▶ Saved data entries:
# # # #

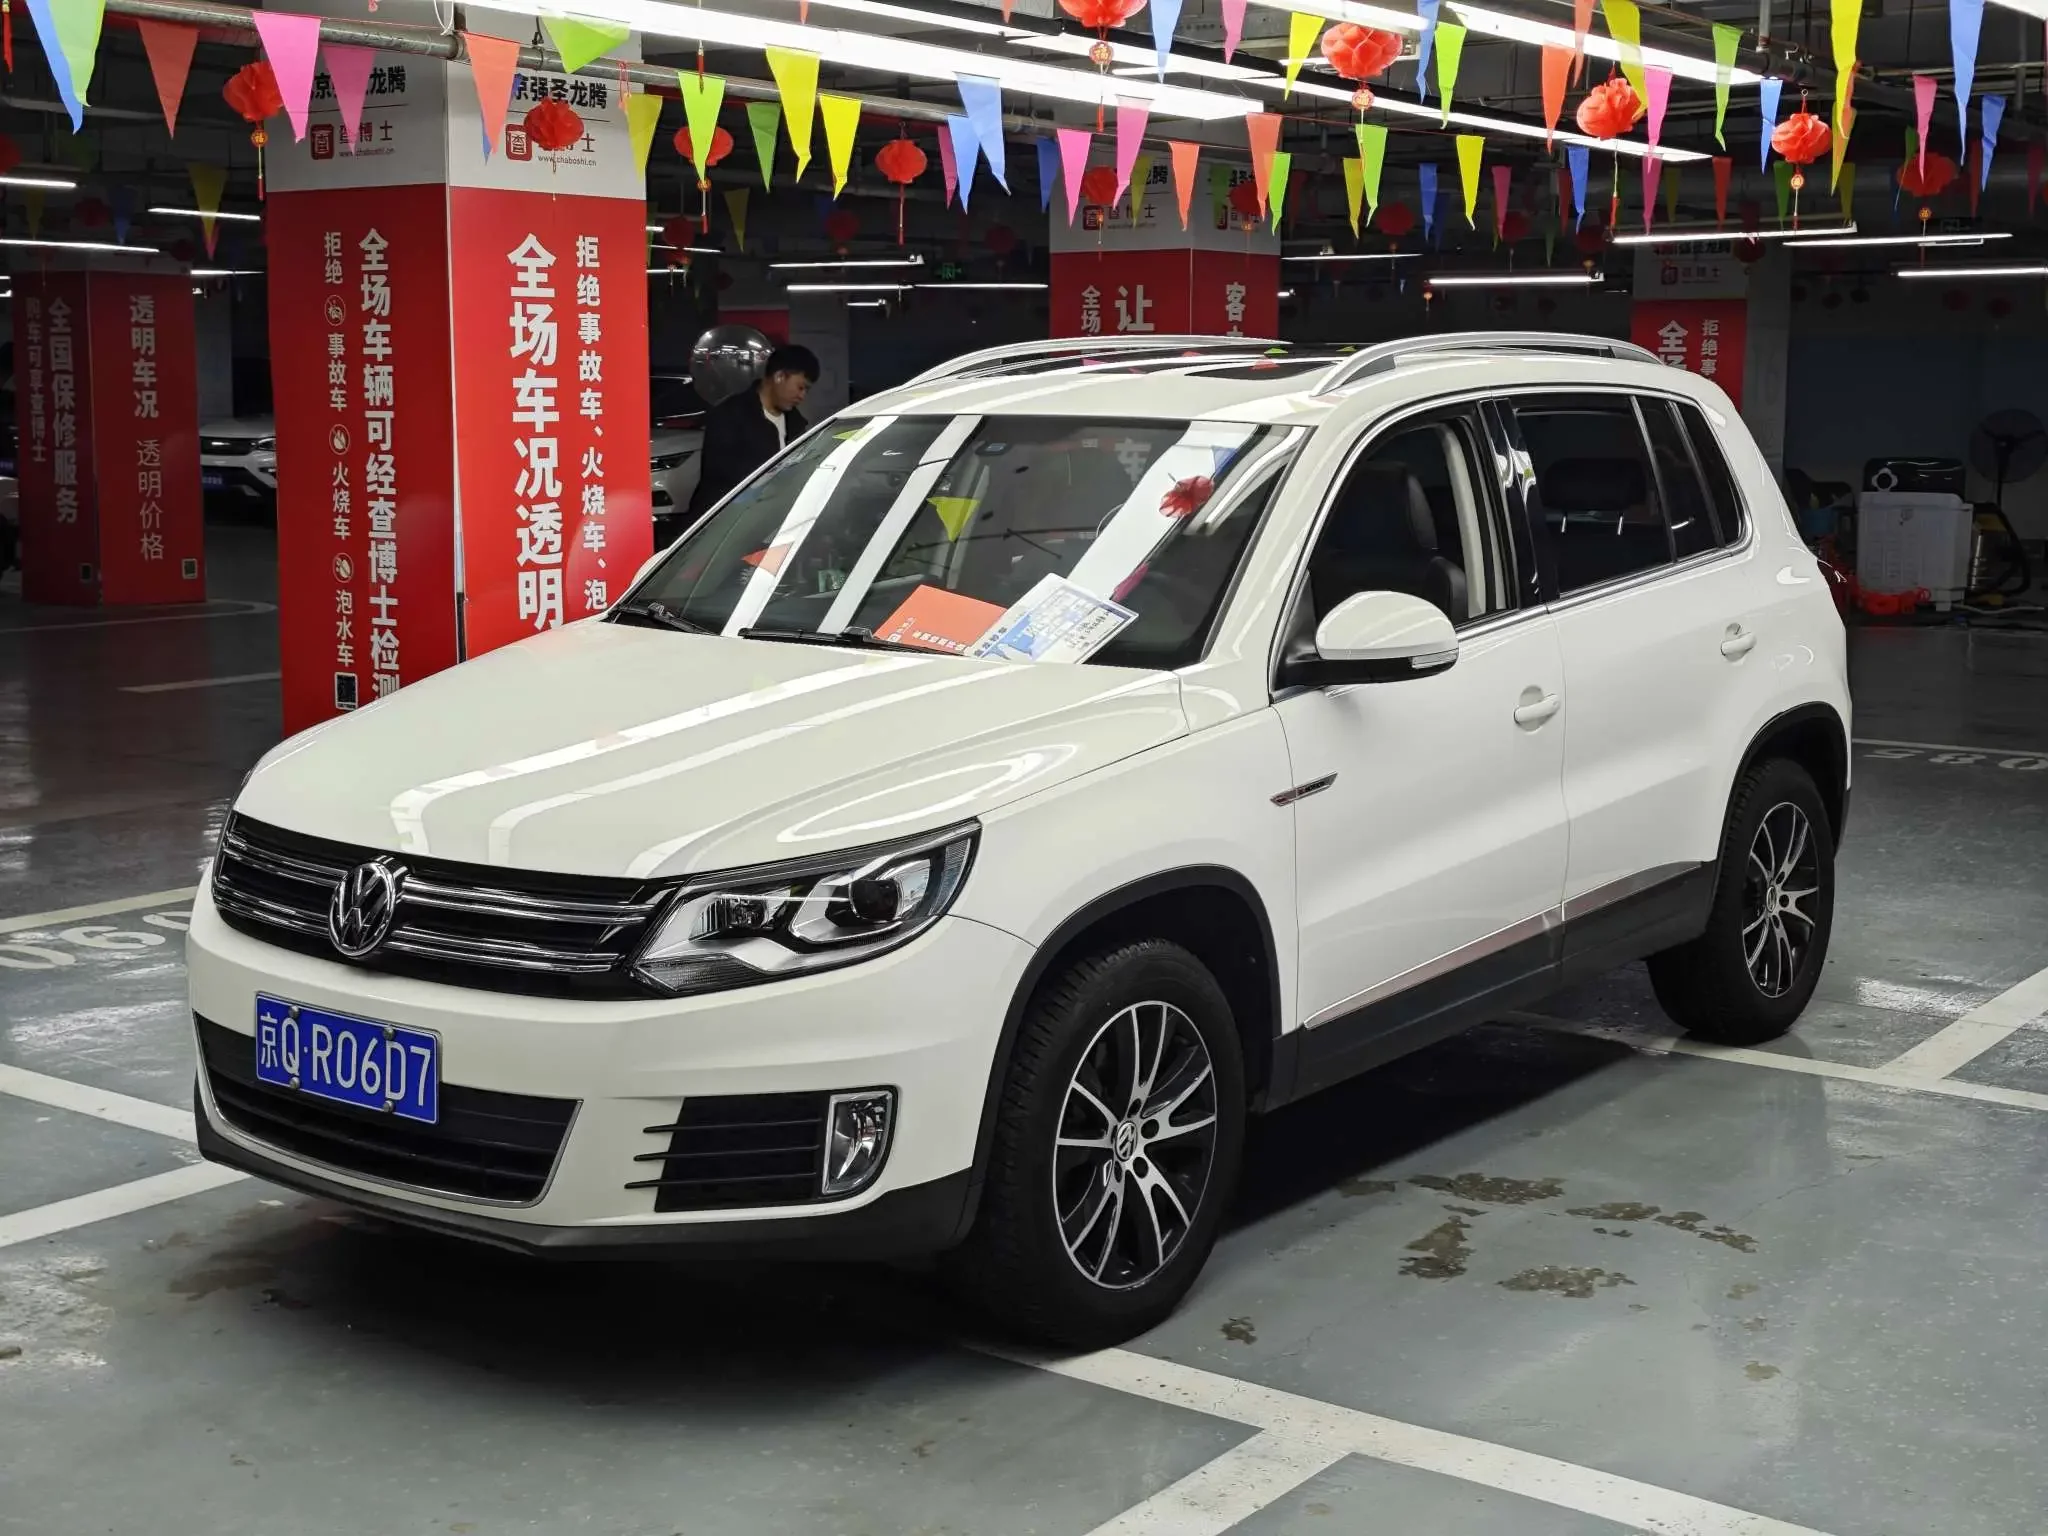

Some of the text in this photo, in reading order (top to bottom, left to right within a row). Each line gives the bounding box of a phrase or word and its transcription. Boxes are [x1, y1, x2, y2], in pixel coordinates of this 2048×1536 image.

[49, 297, 79, 525] 全国保修服务
[1115, 284, 1155, 332] 让
[1225, 281, 1247, 337] 客
[130, 295, 164, 561] 透明车况 透明价格
[324, 231, 355, 668] 拒绝 事故车 火烧车 泡水车
[507, 232, 564, 631] 全场车况透明
[260, 1011, 432, 1107] 京Q·R06D7
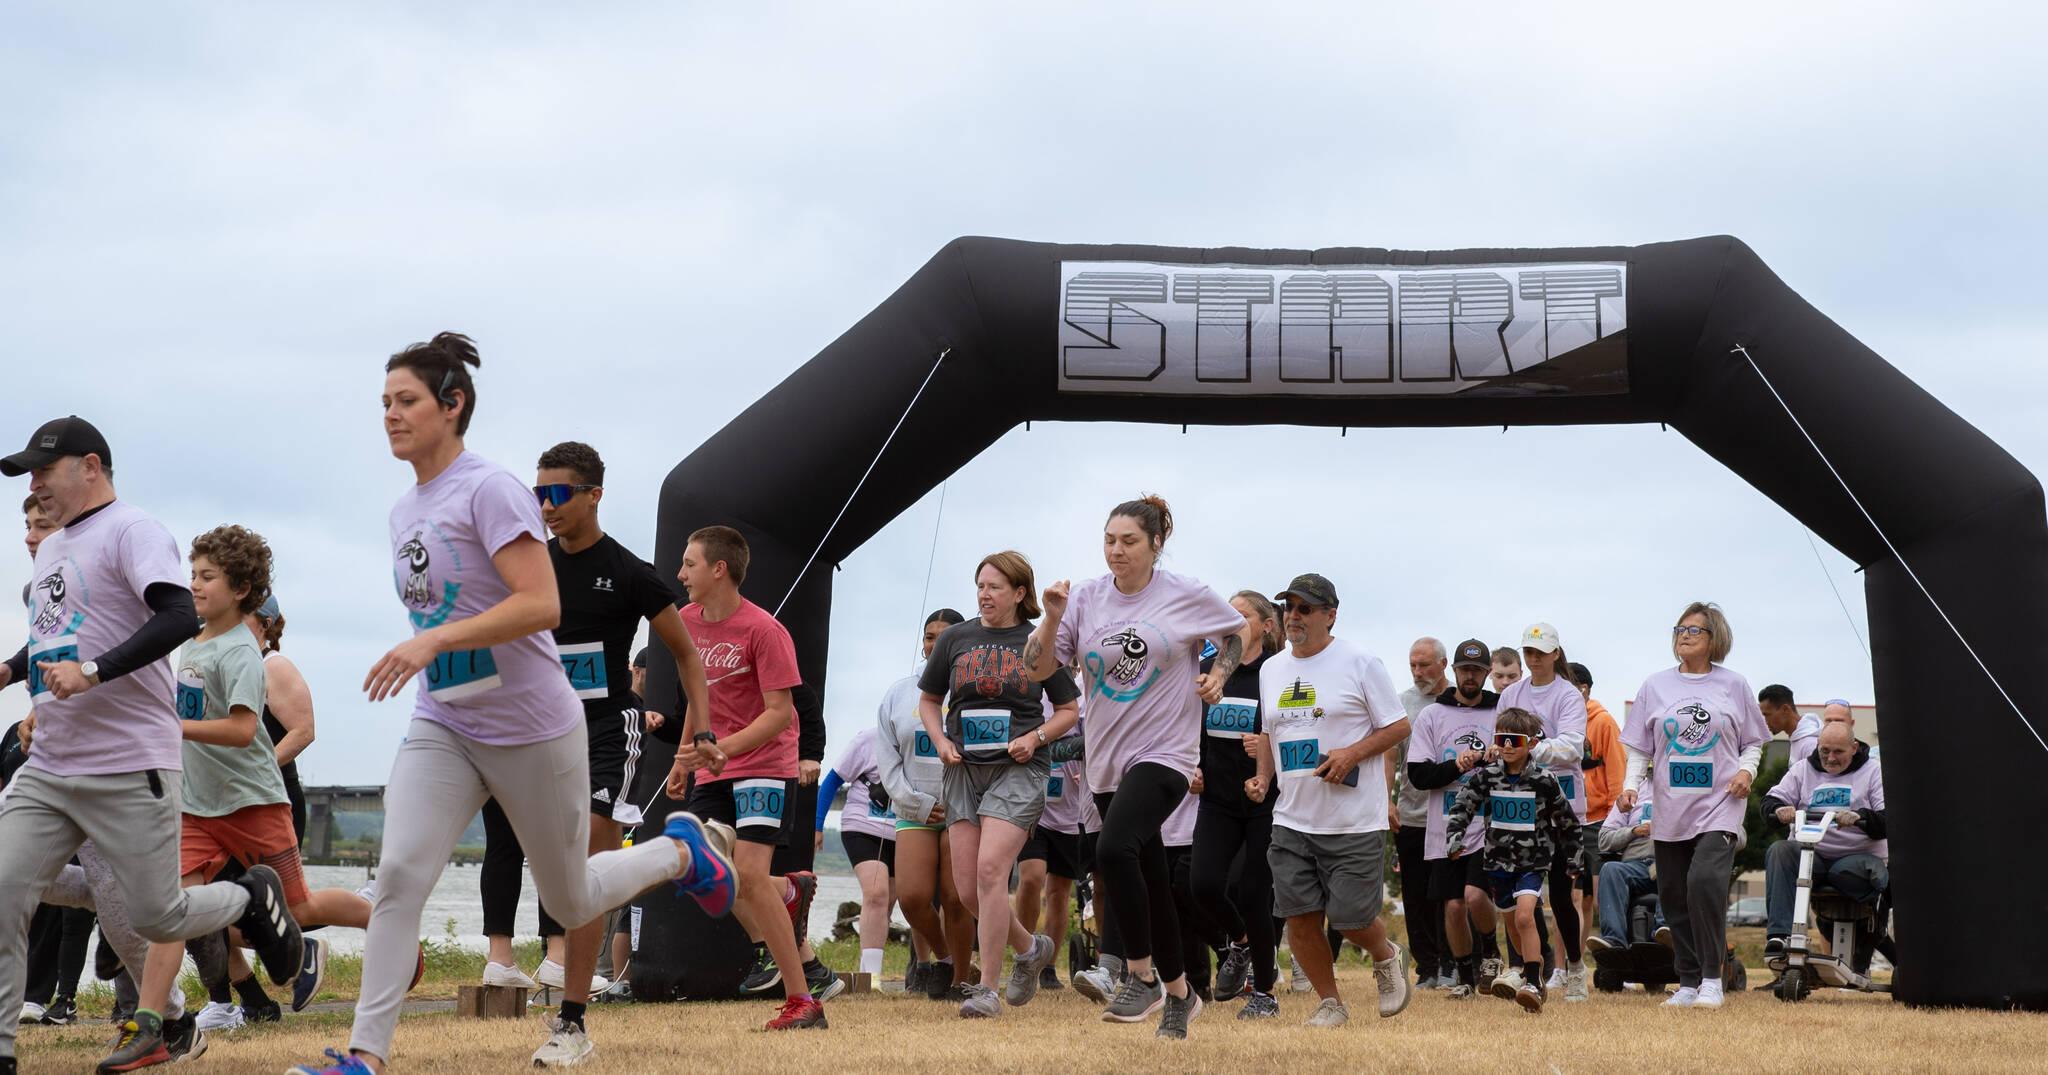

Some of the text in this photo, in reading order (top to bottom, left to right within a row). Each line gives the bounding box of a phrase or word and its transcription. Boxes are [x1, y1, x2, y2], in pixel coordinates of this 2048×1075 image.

# # # #

▶ EXERCISE PROMPT: From the first line to the last, repeat the records exactly, leaving out the pictures.

▶ EXERCISE ANSWER:
Some of the text in this photo, in reading order (top to bottom, left to right within a row). Each line gives the bounding box of a phrase or word and its transcription. Boxes are [x1, y1, x2, y2], in pixel coordinates of this 2048×1536 image.

[49, 297, 79, 525] 全国保修服务
[1115, 284, 1155, 332] 让
[1225, 281, 1247, 337] 客
[130, 295, 164, 561] 透明车况 透明价格
[324, 231, 355, 668] 拒绝 事故车 火烧车 泡水车
[507, 232, 564, 631] 全场车况透明
[260, 1011, 432, 1107] 京Q·R06D7

Some of the text in this photo, in reading order (top to bottom, left to right within a row). Each line gives the bounding box of a phrase or word and its transcription. Boxes are [x1, y1, x2, y2], in pixel coordinates of this 2048×1075 image.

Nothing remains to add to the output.